Do you ever wish there was a simple process you could use to review what you have written and revise it step by step, without all that indecision and doubt? The ideas below might be helpful. They apply to all kinds of academic writing: essays, reports, journal articles and chapters of a thesis.
How do I get started on revising my writing?
Alexandra Gold, who teaches on the Harvard Writing Program, has some helpful hints.
1. Keep your introduction brief and tightly focused. This makes it easier to then see what you should keep in the paper and what you should leave out.
2. Instead of throwing out what you won’t use, save it for a different piece of writing. (You will need to file it in a meaningful way so you can find it again).
3. Gold includes 3 ways you can step away from your writing to see it more objectively. She calls this defamiliarizing your work.
Any other tips?
When I looked further, numerous ideas came up from universities. One post was for an organisation which offered to write essays for students. If you want to avoid some common grammar errors, Lund University in Sweden offers some strong advice.
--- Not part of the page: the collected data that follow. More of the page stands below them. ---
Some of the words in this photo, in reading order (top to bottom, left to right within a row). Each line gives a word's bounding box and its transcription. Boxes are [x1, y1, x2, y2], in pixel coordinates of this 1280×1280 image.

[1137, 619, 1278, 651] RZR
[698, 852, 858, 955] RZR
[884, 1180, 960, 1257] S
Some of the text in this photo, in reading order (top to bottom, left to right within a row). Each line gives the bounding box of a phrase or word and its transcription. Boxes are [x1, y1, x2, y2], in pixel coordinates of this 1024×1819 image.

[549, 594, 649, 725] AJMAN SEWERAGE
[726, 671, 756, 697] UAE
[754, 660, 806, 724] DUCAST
In some Middle Eastern cultures, poetry, rhetoric and the use of figurative language like metaphors are highly respected. While these have their place, in academic writing in the Western tradition we emphasise linear argumentation. Many Chinese writers, on the other hand, when introducing their research themes and hypotheses, tend to use rather complex and extended argumentation. These cultural differences are as intriguing for an editor as they are for a collaborative researcher, a teacher or a student. But more on that another time.